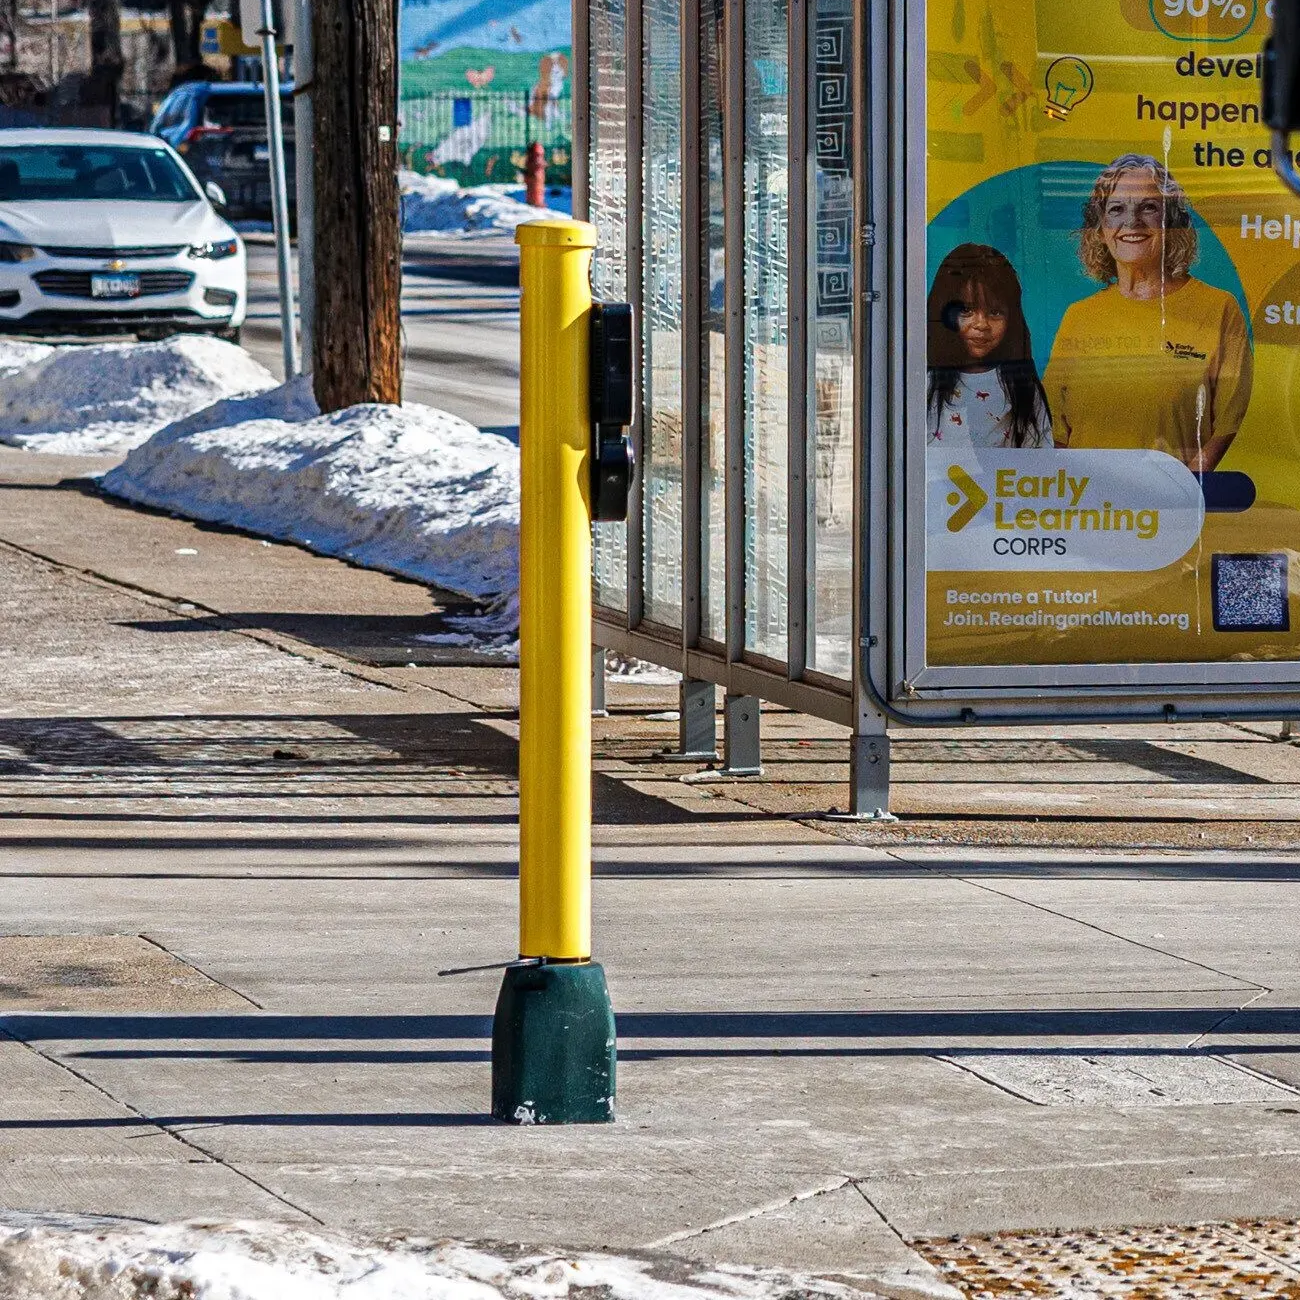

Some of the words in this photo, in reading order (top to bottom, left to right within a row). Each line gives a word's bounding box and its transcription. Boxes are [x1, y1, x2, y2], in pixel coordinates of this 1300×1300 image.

[1193, 141, 1245, 167] the
[995, 468, 1091, 507] Early
[994, 501, 1160, 540] Learning
[993, 536, 1067, 556] CORPS
[946, 589, 1023, 605] Become
[1026, 591, 1039, 605] a
[1042, 589, 1099, 605] Tutor!
[943, 610, 1190, 631] Join.ReadingandMath.org
- - -
YOUR OBJECTIVE: Skip the images and restate each record above word for word.

TASK RESULT:
Some of the words in this photo, in reading order (top to bottom, left to right within a row). Each line gives a word's bounding box and its transcription. Boxes are [x1, y1, x2, y2], in pixel coordinates of this 1300×1300 image.

[1193, 141, 1245, 167] the
[995, 468, 1091, 507] Early
[994, 501, 1160, 540] Learning
[993, 536, 1067, 556] CORPS
[946, 589, 1023, 605] Become
[1026, 591, 1039, 605] a
[1042, 589, 1099, 605] Tutor!
[943, 610, 1190, 631] Join.ReadingandMath.org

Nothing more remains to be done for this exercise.